◆ **ASSIGNMENT**:
Copy each line below exactly as it appears. Pictures are to be omitted.

◆ **RECORDS FOR THIS EXERCISE**:
══════
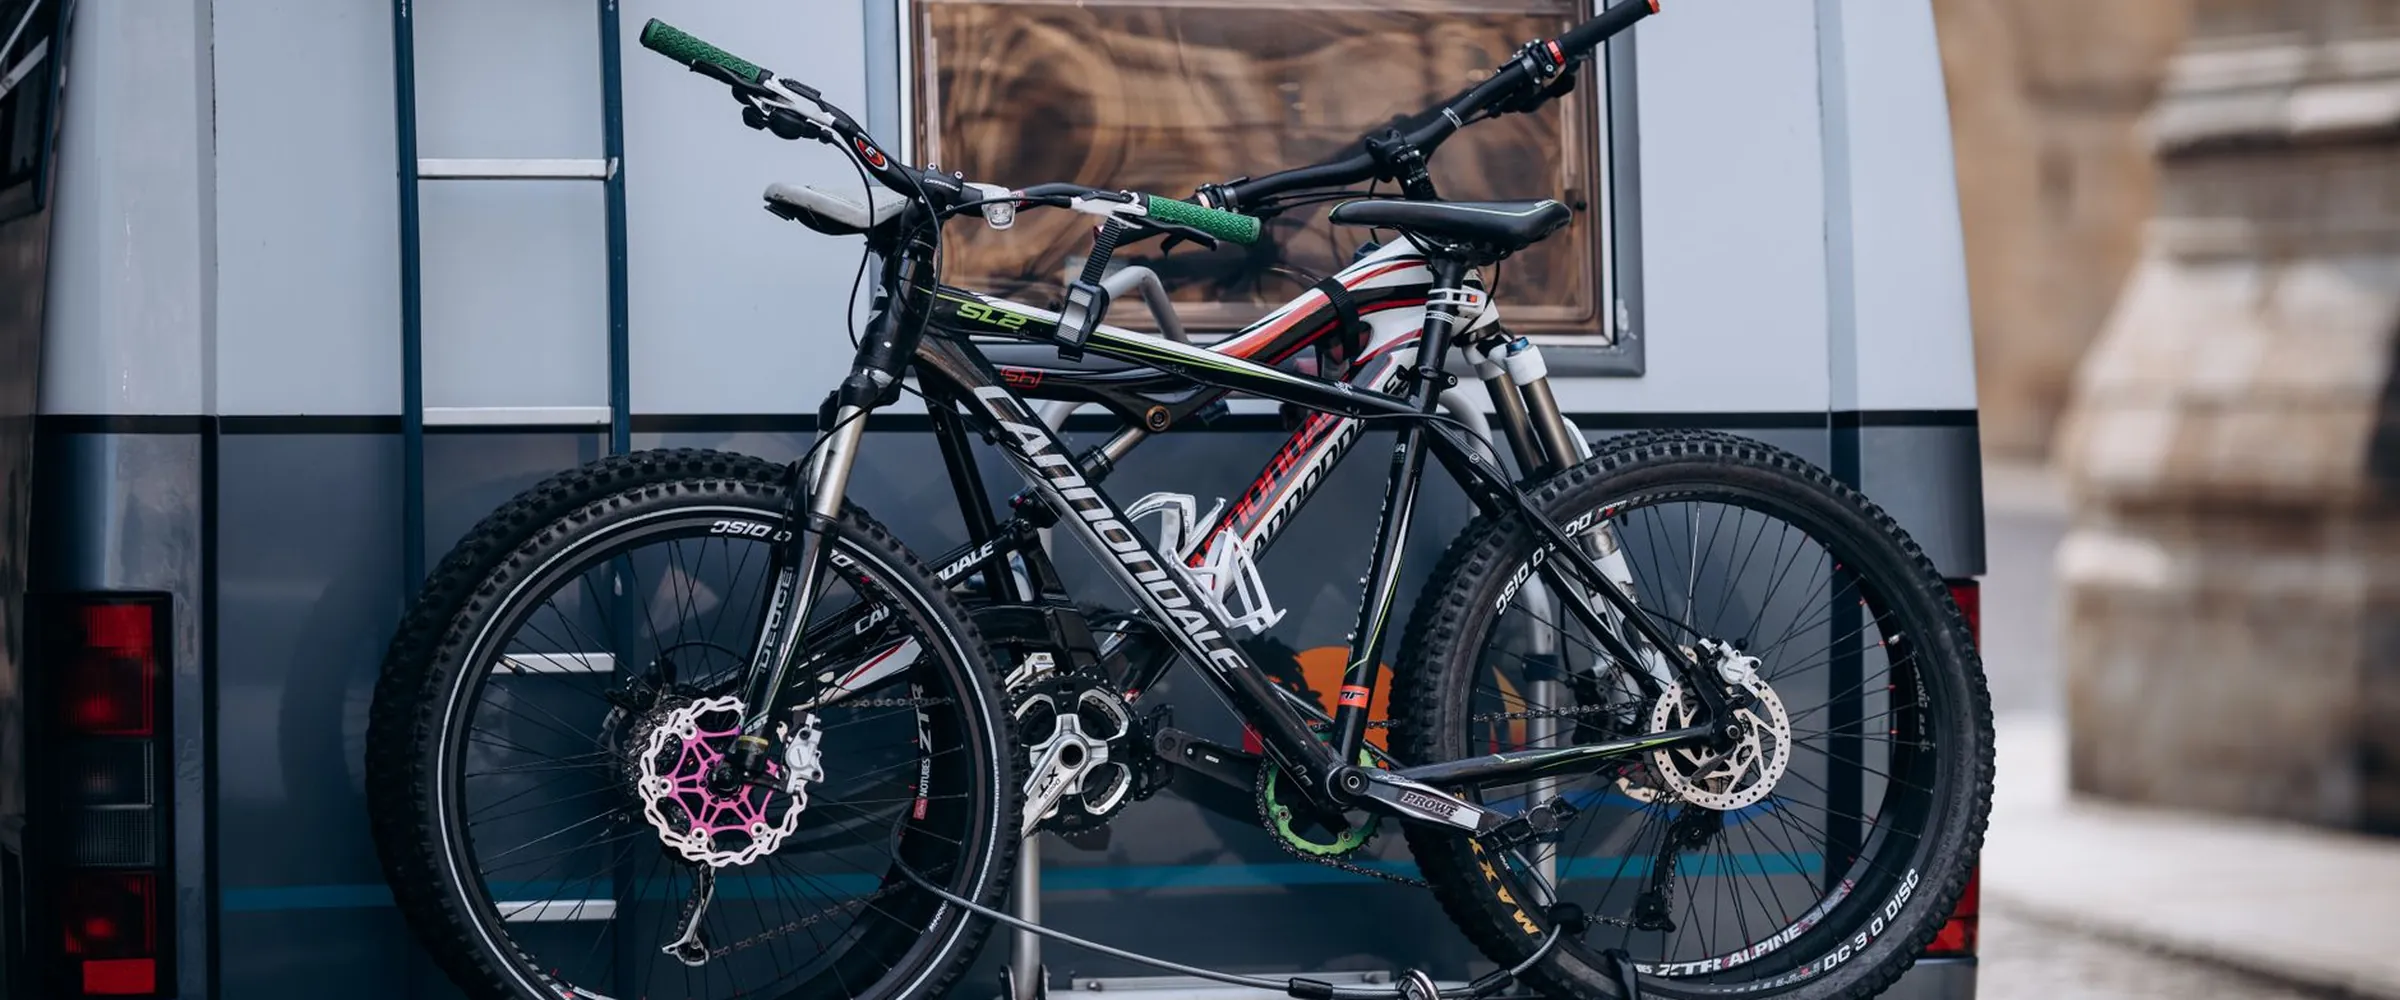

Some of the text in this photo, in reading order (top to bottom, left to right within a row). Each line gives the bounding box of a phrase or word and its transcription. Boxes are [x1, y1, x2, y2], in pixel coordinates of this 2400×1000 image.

[957, 302, 1027, 329] SL2
[710, 520, 772, 538] DISC
[974, 386, 1248, 673] CANNONDALE
[1496, 562, 1529, 615] DISC
[1038, 766, 1059, 798] XT
[1823, 944, 1851, 971] DC
[1885, 868, 1919, 921] DISC
[1656, 922, 1802, 977] ZTR ALPINE
══════
◆ **ANSWER TO THIS PROBLEM**:
Some of the text in this photo, in reading order (top to bottom, left to right within a row). Each line gives the bounding box of a phrase or word and its transcription. Boxes are [x1, y1, x2, y2], in pixel coordinates of this 2400×1000 image.

[957, 302, 1027, 329] SL2
[710, 520, 772, 538] DISC
[974, 386, 1248, 673] CANNONDALE
[1496, 562, 1529, 615] DISC
[1038, 766, 1059, 798] XT
[1823, 944, 1851, 971] DC
[1885, 868, 1919, 921] DISC
[1656, 922, 1802, 977] ZTR ALPINE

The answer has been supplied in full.